対談構成は木村俊介、写真は山口靖雄が担当してます。




いままでの聞き書きの世界。

糸井 名人や達人が、それぞれ
「技を教える」と言うことについて、
塩野さんはどんなことを思いますか?
塩野 たくさんの
名人といわれる人に会いますが、心底では、
ぼくはその仕事をしていないから
技の難しさや実感はなかなかつかめないです。

もし、やっていても
話してくれる言葉からは
仕事や技は教われるものではないなぁ、
と思いますね。
ほとんどの弟子がいるところが
そうですが、静かなものです。

それで、
弟子たちがみんな一生懸命です。
黙々とやってます。

親方は教える人じゃないけど、
教わる場を作ってくれている。
弟子は、教わるんじゃなくて
学ぶチャンスを与えてもらっている。
材料も給料ももらってね。

中にはなんにも教えてくれないと
不満を言う人もいますが、
それは心構えが違うんですね。
木の瘤のような人の弟子は
木の瘤になろうと黙ってやってます。
見てると下手な子も要領の悪い子も、
見るからに不器用な子もいます。
叱られ上手も、叱られ下手も……。

そういうことがあるところは
ゆっくりですが、みんな育っていきます。
糸井 ある意味では「教える」制度だけが
要るのかもしれない。

ぼくは
「あるひとつのことに関して
 応援団がたくさんいる」
という状態が、結局はそれをやる人を
育てるんじゃないかと思うんです。

ベトナム戦争で
ゲリラが倒せなかった理由は、
匿う味方が多かったからだといいますか、
ある分野の「匿う家」がたくさんあれば
その分野は潤うといいますか……
だからおそらく中途半端なヤツが、
どの分野でも
いちばん大事なんだと思うんです。
塩野 確かに、名人と入門者だけだと
いい職人は育たないとは言いますね。

親から子では年が離れすぎているから
中間に誰かいたほうがいい。

弟子でも
ヘタクソから上手まで並んでいると、
「がんばるとあの人ぐらいにはなれる」
という身近な目標が
狭い間隔でいればいるほど
リアリティがありますから。

それと名人の話は
もちろんおもしろいんですけど、
弟子の話もこれまたいいんです。
言っちゃ悪いけど、
まだ半端なときの心持ち。

それを素直に話してくれたときは、
こっそり拍手です。
中途半端も未熟者もいいんです。
ぼくはそれも好きなんだな。
糸井 そもそも、
「キミはほんとはやめたほうがいい」
というようなヤツが
「あの人はすごいなぁ」
と言ってくれるおかげで、
やっていけるんですからね。
塩野 ぼくはいくら
秘伝や口伝を教えてもらったところで、
実際には使い道がない。
だけどこれは面白いと他人には伝えられる。
名人はそんなこと決して言いませんから。

そうやってぼくらは、
勝手にまわりで騒いでいるだけですが、
ぼくの聞き書きを読んで
宮大工や屋根屋や炭焼きの
弟子に入った人たちがいるんです。

申し訳ない気もするんですが、
後継者ができることもあるんです。
そのためにやってるんじゃないけど、
何かが起きてくる。

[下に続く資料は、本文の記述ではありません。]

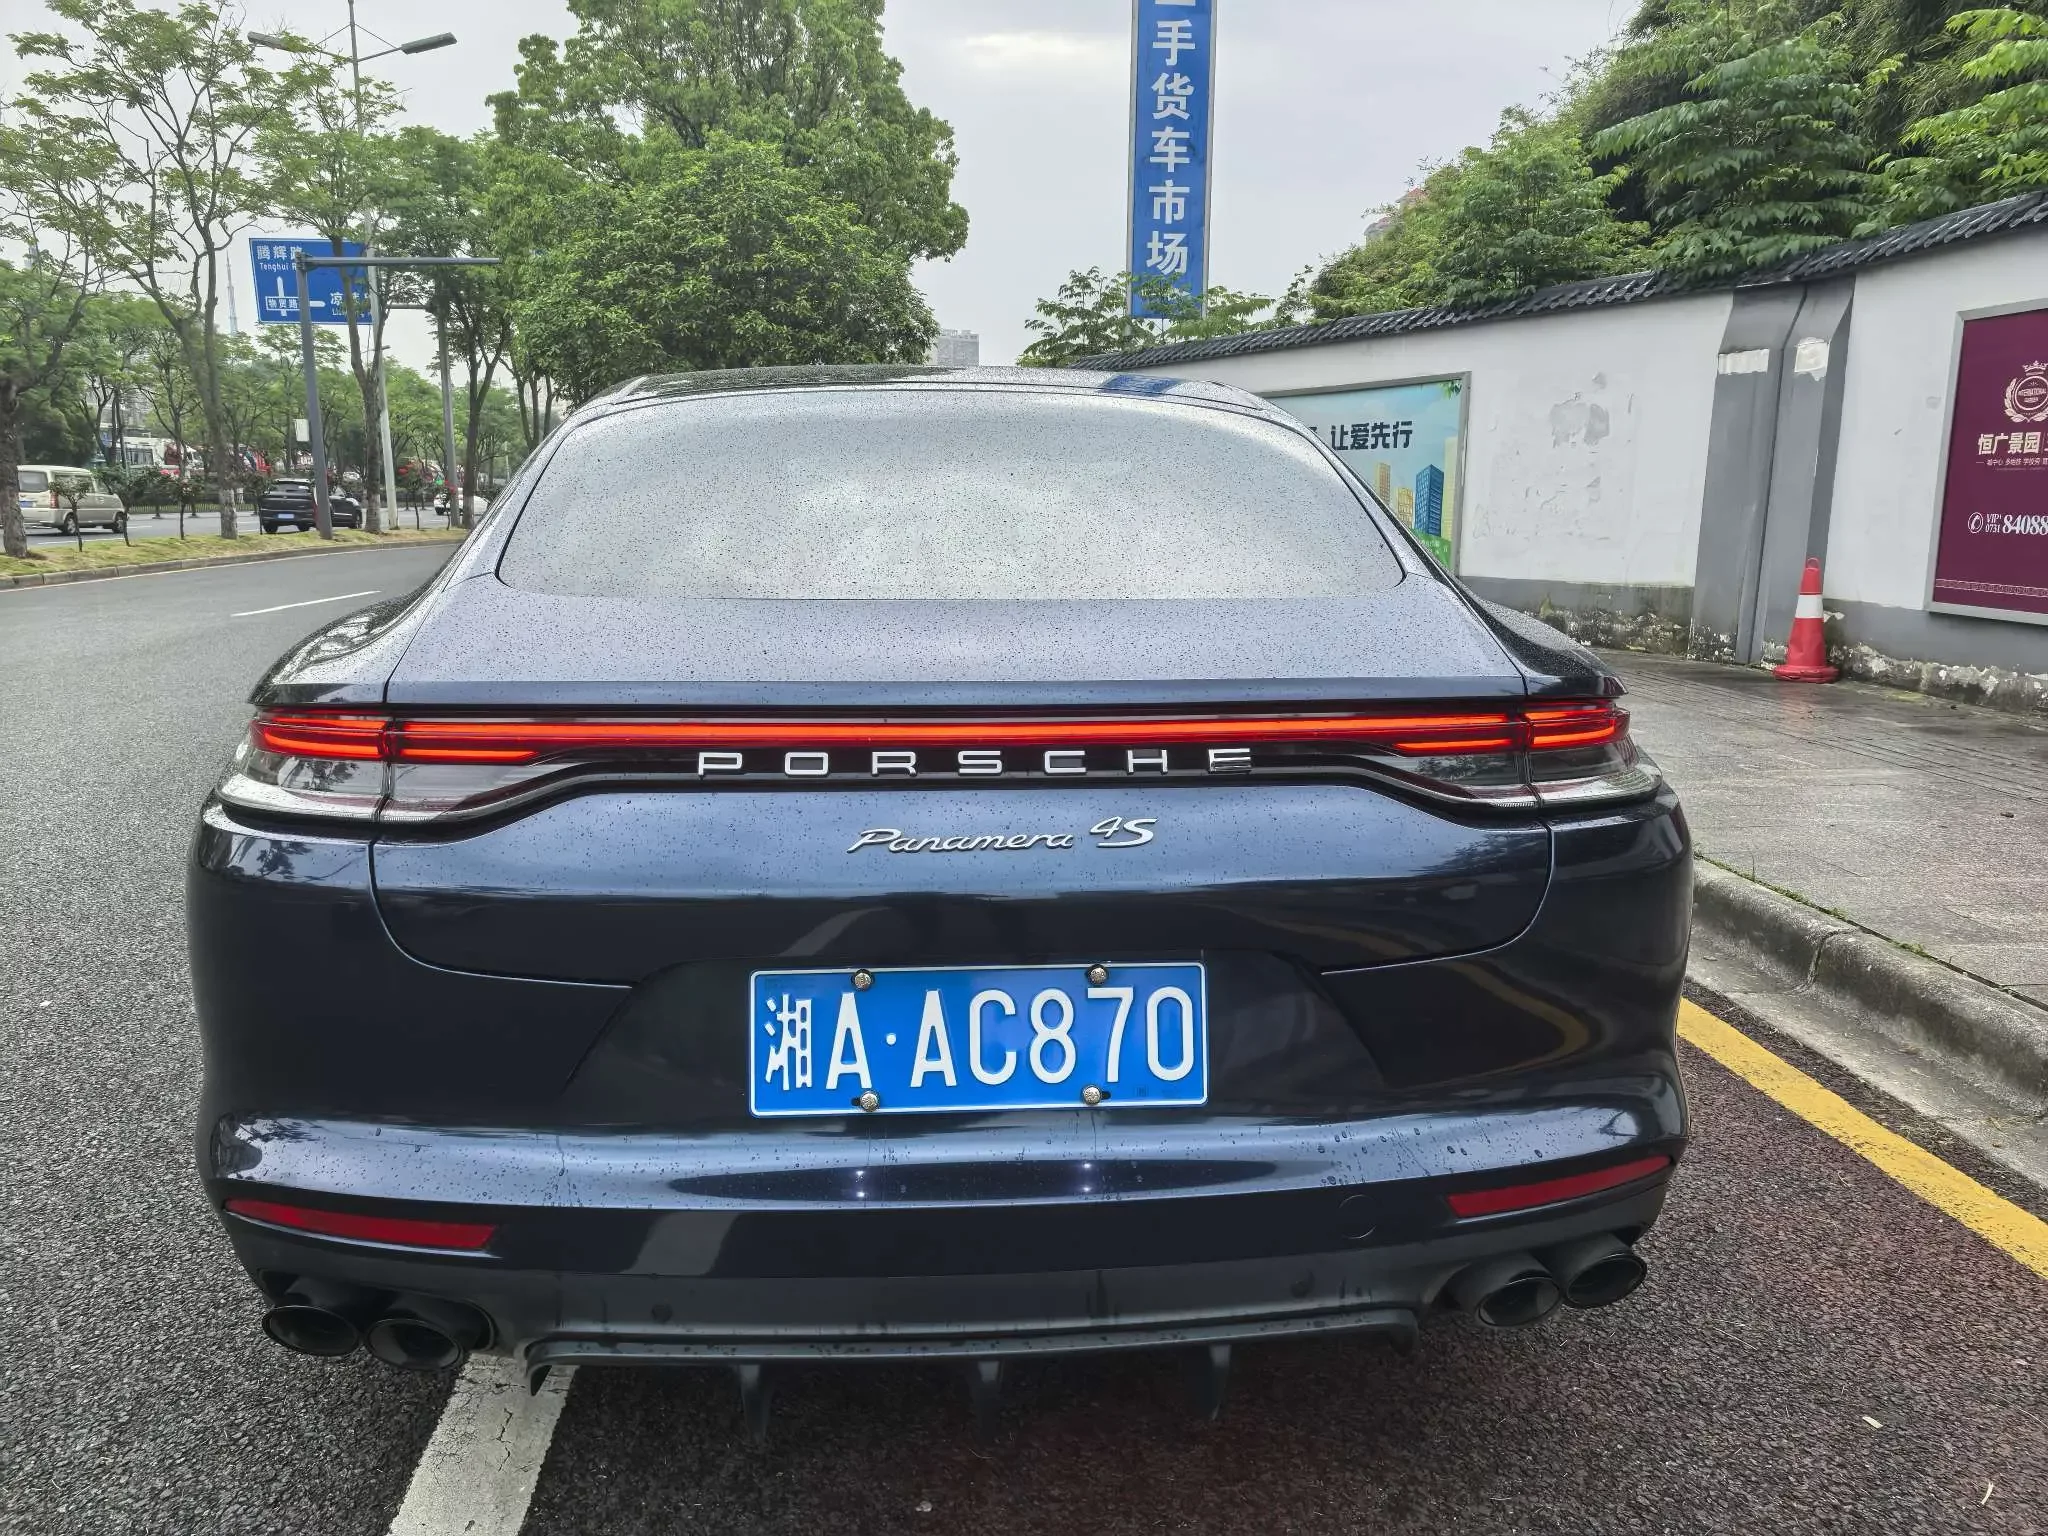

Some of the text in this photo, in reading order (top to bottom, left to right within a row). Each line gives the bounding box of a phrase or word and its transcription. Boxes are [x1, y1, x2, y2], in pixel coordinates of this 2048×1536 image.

それはまたおもしろい。

それで、そう人たちが
今度はぼくの興味の対象になる。
寂れて、消えていきそうな仕事に
わずかですが光が当たったりすると、
そこが少し賑やかになる。

役に立ちたいとは思わないというか、
役になんか立ちたくないけど、
賑やかになるのは
忘れられるよりはいいかな。
糸井 無責任にワーワー言ってる野次馬が
たくさんいる分野はおもしろいと思います。
  (対談は、今回でおわりです。